Aemilia, l’appello riporta la politica nel processo
Il 22 aprile dell’anno scorso c’era stata la prima sentenza di Aemilia, il più grande processo di ‘ndrangheta nel nord Italia. 58 condanne su 71 imputati che hanno seguito il rito abbreviato, 305 anni di carcere.
Oggi nel Tribunale di Bologna è arrivato il verdetto di appello, che dimostra come l’impianto accusatorio abbia retto: sono confermate quasi tutte le sentenze del primo grado con due assoluzioni modificate in condanne. Tra queste, la condanna a quattro anni per Giuseppe Pagliani, consigliere comunale di Forza Italia a Reggio Emilia, accusato di concorso esterno in associazione mafiosa e interdetto per cinque anni dai pubblici uffici. Per lui l’accusa era quella di aver fornito il suo aiuto al clan ‘ndranghetistico piegando la propria attività politica a fini criminali.
Per l’altro politico che era stato coinvolto nel processo, Giovanni Paolo Bernini, ex assessore Pdl a Parma per cui i Pubblici Ministeri avevano chiesto 6 anni, è confermato il proscioglimento per prescrizione dall’accusa di corruzione elettorale.
L’altra assoluzione modificata in condanna a 4 anni e 8 mesi è quella di Michele Colacino, imprenditore nel settore dell’autotrasporto con importanti appalti per la raccolta rifiuti sulle province di Reggio Emilia e Parma, che era in stretto rapporto di amicizia con Romolo Villirillo fino al suo arresto avvenuto alla fine di luglio del 2011 per una tentata estorsione attuata con il metodo mafioso e poi con Nicolino Sarcone.
Modificata anche la pena di Giuseppe Giglio, diventato collaboratore di giustizia, che da 12 anni è stata ridotta a 6 anni: Giglio, infatti, è ritenuto essere uno dei principali organizzatori della ‘ndrina, che con la sua collaborazione ha permesso nuove importanti rivelazioni sulla cellula emiliana.
Sono state invece confermate tutte le condanne di primo grado ai boss della ’ndrina alla sbarra in Aemilia: Nicolino Grande Aracri, che non aveva un ruolo di primo piano nel processo, era stato condannato a 6 anni e 8 mesi; Alfonso Diletto a 14 anni e 2 mesi; Francesco Lamanna a 12 anni; Romolo Villirillo a 12 anni e 2 mesi; Nicolino Sarcone alla pena più alta di 15 anni, Antonio Silipo a 14 anni e Antonio Gualtieri a 12 anni.
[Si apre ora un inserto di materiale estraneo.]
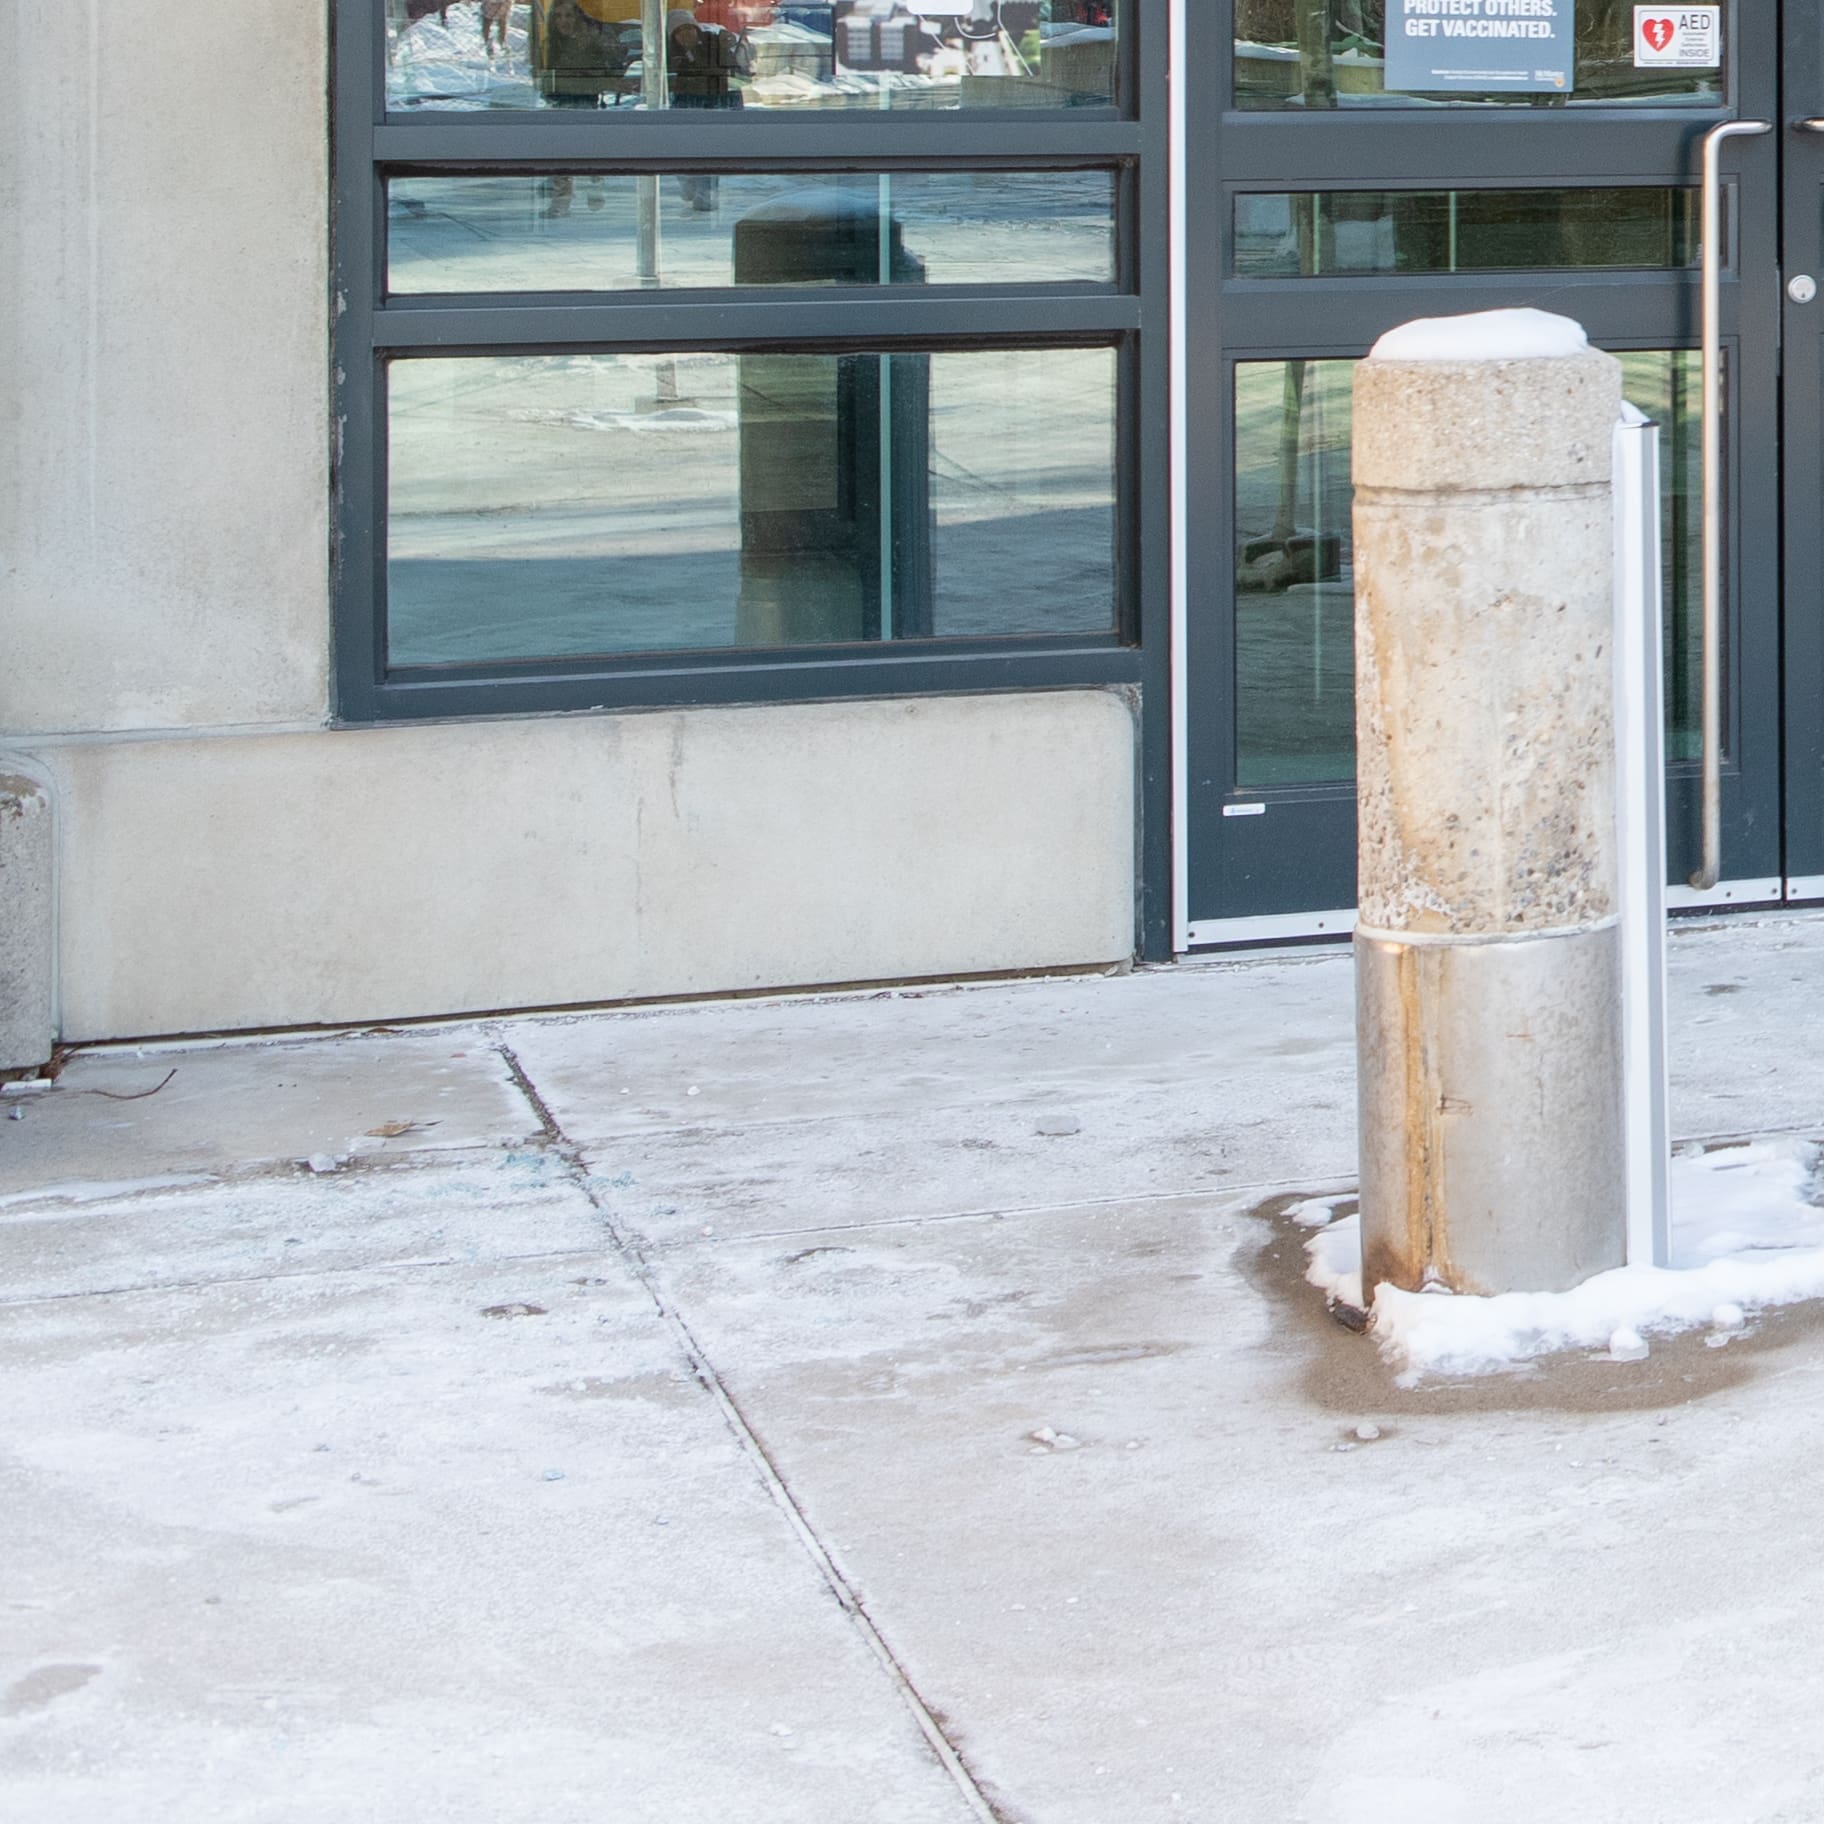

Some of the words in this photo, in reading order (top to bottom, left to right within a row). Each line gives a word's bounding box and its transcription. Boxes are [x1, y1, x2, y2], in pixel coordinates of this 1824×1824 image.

Confermata poi la condanna a Domenico Mesiano, ex autista del questore di Reggio Emilia, condannato a 8 anni e 6 mesi per concorso esterno in associazione mafiosa e per le minacce alla giornalista Sabrina Pignedoli, alla quale dovrà risarcire 4mila e 800 euro per le spese legali.
Oltre a queste, confermata anche la pena per Giulio Gerrini, tecnico del comune di Finale Emilia, condannato a 2 anni e 4 mesi per abuso d’ufficio continuato, che dovrà risarcire il Comune da cui era stato nominato capo ufficio dei Lavori pubblici di 3mila euro per i danni causati. A causa dei sospetti legami di Gerrini con la ‘ndrina emiliana al centro di Aemilia, il comune aveva rischiato lo scioglimento: su 55 lavori pubblici, infatti, in 17 casi non erano stati effettuati i previsti controlli antimafia e dopo il sisma in almeno due casi i lavori erano stati affidati a ditte infiltrate dalla criminalità organizzata di tipo mafioso. Per Gerrini era caduta in primo grado l’accusa di aver favorito l’associazione mafiosa e non è stato interdetto dai pubblici uffici.
Sulla sentenza Libera ha dichiarato: “Accogliamo favorevolmente la sentenza della corte di Appello di Bologna che accoglie l’ impianto accusatorio riconoscendo il grande lavoro della Procura Generale. La conferma delle pene dimostrano ancora una volta che la ‘ndrangheta c’è, dunque esiste anche in Emilia Romagna. Sin dall’inizio Libera si è costituita parte civile nell’ambito del procedimento, proprio per ribadire quanto la ‘ndrangheta leda e soffochi i diritti della società civile e responsabile. Come Libera proseguiremo nel nostro lavoro quotidiano fatto di impegno e responsabilità, forti di questo importante risultato. Le infiltrazioni mafiose, che interessano questo territorio come ormai la maggior parte delle zone del Paese, si contrastano con la repressione e gli strumenti giudiziari, ma il primo e imprescindibile strumento rimane il risveglio delle coscienze, l’orgoglio di una comunità che antepone il bene comune alle speculazioni e ai privilegi, contrastando in tutte le sedi la criminalità organizzata e i suoi complici”.